→ **About this exercise**
The result should be a word-for-word retyping of the entries below, free of pictures.

→ **Material provided**
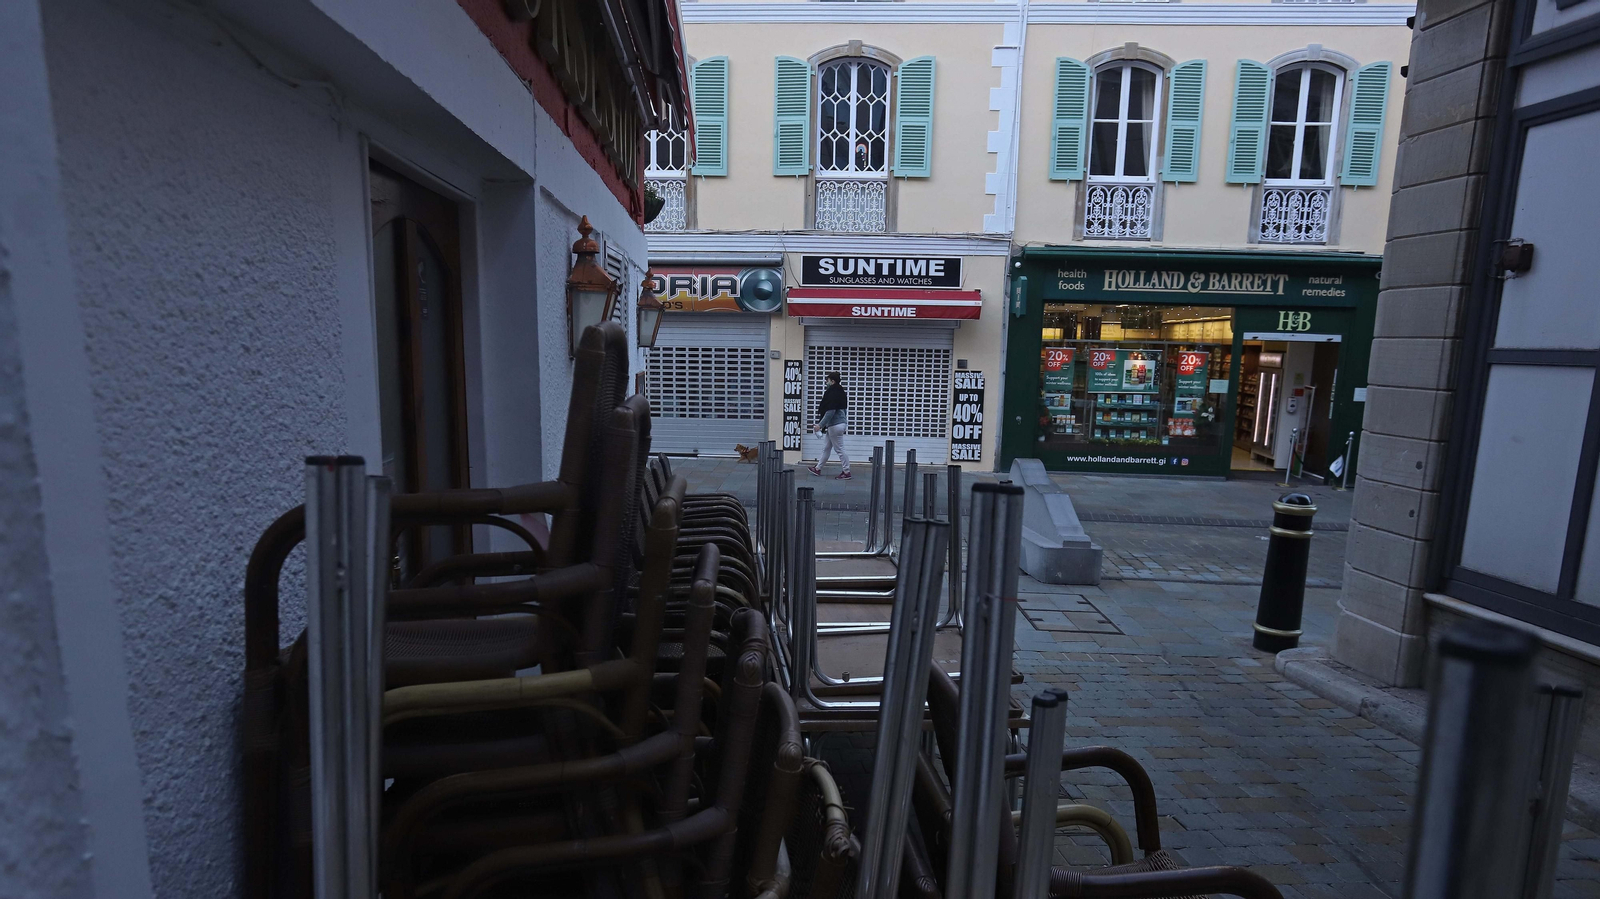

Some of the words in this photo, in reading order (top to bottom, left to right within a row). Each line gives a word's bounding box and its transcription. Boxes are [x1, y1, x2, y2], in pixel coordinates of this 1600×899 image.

[818, 258, 945, 277] SUNTIME
[1057, 269, 1087, 279] health
[1308, 275, 1343, 285] natural
[829, 276, 876, 284] SUNGLASSES
[896, 277, 932, 286] WATCHES
[1058, 281, 1085, 291] foods
[1102, 269, 1185, 291] HOLLAND
[1187, 271, 1206, 294] &
[1207, 272, 1289, 295] BARRETT
[1302, 287, 1346, 298] remedies
[851, 306, 917, 318] SUNTIME
[1276, 310, 1312, 332] H&B
[1048, 350, 1069, 361] 20%
[1093, 352, 1110, 360] 20%
[1181, 354, 1202, 365] 20%
[785, 367, 802, 381] 40%
[784, 381, 802, 395] OFF
[954, 378, 984, 390] SALE
[959, 393, 968, 402] UP
[969, 393, 978, 402] TO
[784, 403, 801, 413] SALE
[953, 403, 983, 423] 40%
[783, 421, 801, 435] 40%
[952, 424, 983, 440] OFF
[783, 435, 801, 449] OFF
[951, 449, 981, 461] SALE
[1066, 455, 1167, 466] www.hollandandbarrett.gi
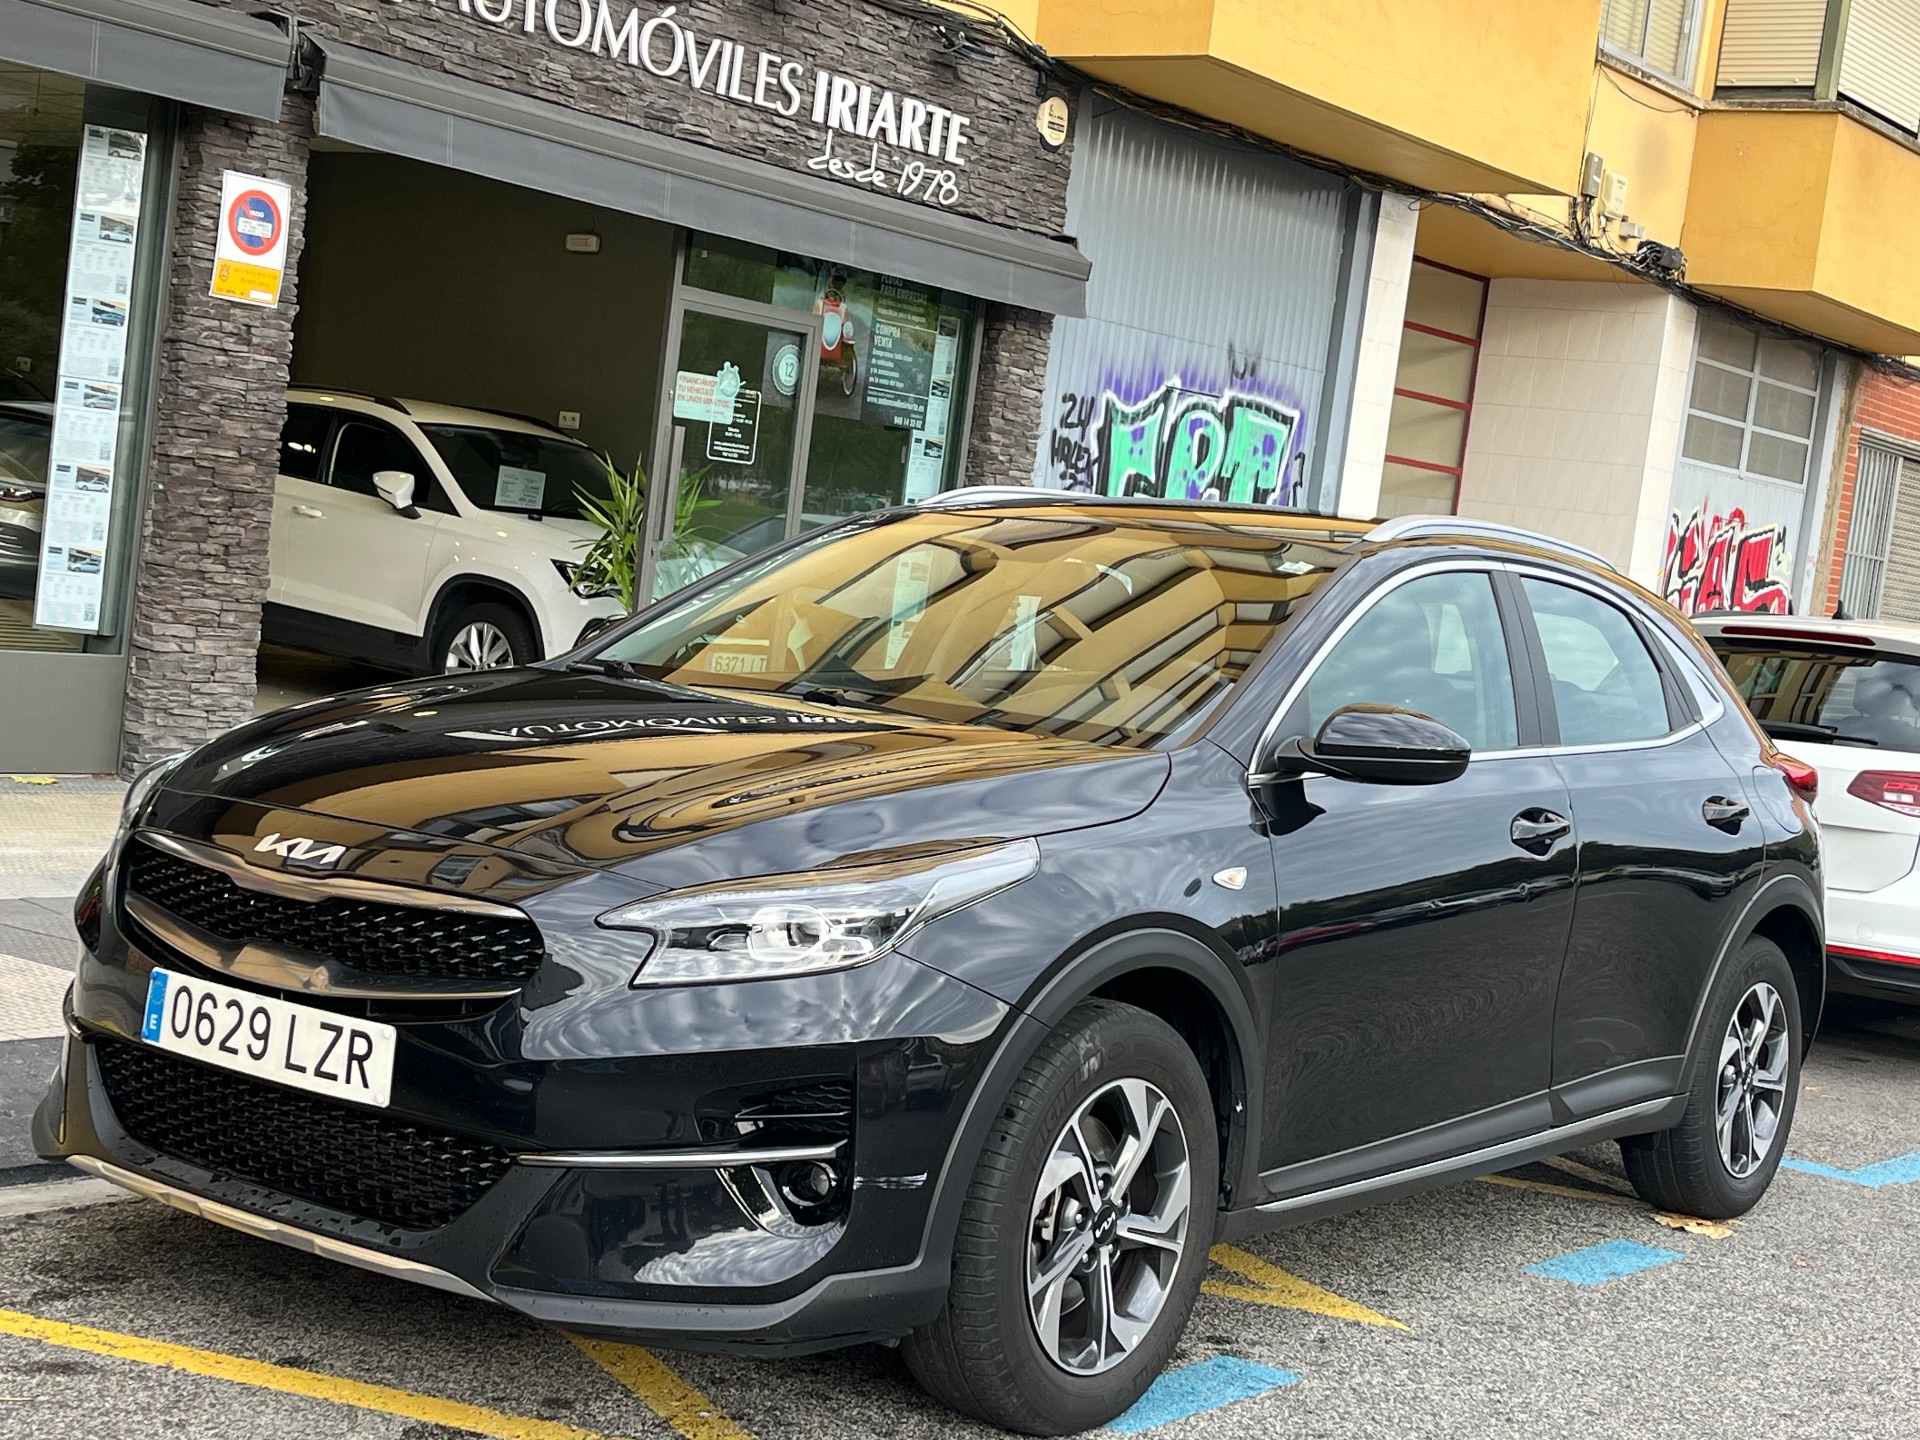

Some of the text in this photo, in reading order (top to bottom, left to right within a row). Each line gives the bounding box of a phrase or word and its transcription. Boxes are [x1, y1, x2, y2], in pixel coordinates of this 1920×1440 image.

[811, 71, 970, 166] IRIARTE
[807, 129, 959, 205] desde 1978
[873, 334, 893, 349] VENTA
[875, 323, 900, 338] COMPRA
[784, 361, 795, 379] 12
[254, 832, 347, 864] KIA
[149, 1013, 159, 1030] E
[170, 984, 375, 1089] 0629 LZR

→ **Written response**
Some of the words in this photo, in reading order (top to bottom, left to right within a row). Each line gives a word's bounding box and its transcription. Boxes are [x1, y1, x2, y2], in pixel coordinates of this 1600×899 image.

[818, 258, 945, 277] SUNTIME
[1057, 269, 1087, 279] health
[1308, 275, 1343, 285] natural
[829, 276, 876, 284] SUNGLASSES
[896, 277, 932, 286] WATCHES
[1058, 281, 1085, 291] foods
[1102, 269, 1185, 291] HOLLAND
[1187, 271, 1206, 294] &
[1207, 272, 1289, 295] BARRETT
[1302, 287, 1346, 298] remedies
[851, 306, 917, 318] SUNTIME
[1276, 310, 1312, 332] H&B
[1048, 350, 1069, 361] 20%
[1093, 352, 1110, 360] 20%
[1181, 354, 1202, 365] 20%
[785, 367, 802, 381] 40%
[784, 381, 802, 395] OFF
[954, 378, 984, 390] SALE
[959, 393, 968, 402] UP
[969, 393, 978, 402] TO
[784, 403, 801, 413] SALE
[953, 403, 983, 423] 40%
[783, 421, 801, 435] 40%
[952, 424, 983, 440] OFF
[783, 435, 801, 449] OFF
[951, 449, 981, 461] SALE
[1066, 455, 1167, 466] www.hollandandbarrett.gi

Some of the text in this photo, in reading order (top to bottom, left to right within a row). Each line gives the bounding box of a phrase or word and its transcription. Boxes are [x1, y1, x2, y2], in pixel coordinates of this 1920×1440 image.

[811, 71, 970, 166] IRIARTE
[807, 129, 959, 205] desde 1978
[873, 334, 893, 349] VENTA
[875, 323, 900, 338] COMPRA
[784, 361, 795, 379] 12
[254, 832, 347, 864] KIA
[149, 1013, 159, 1030] E
[170, 984, 375, 1089] 0629 LZR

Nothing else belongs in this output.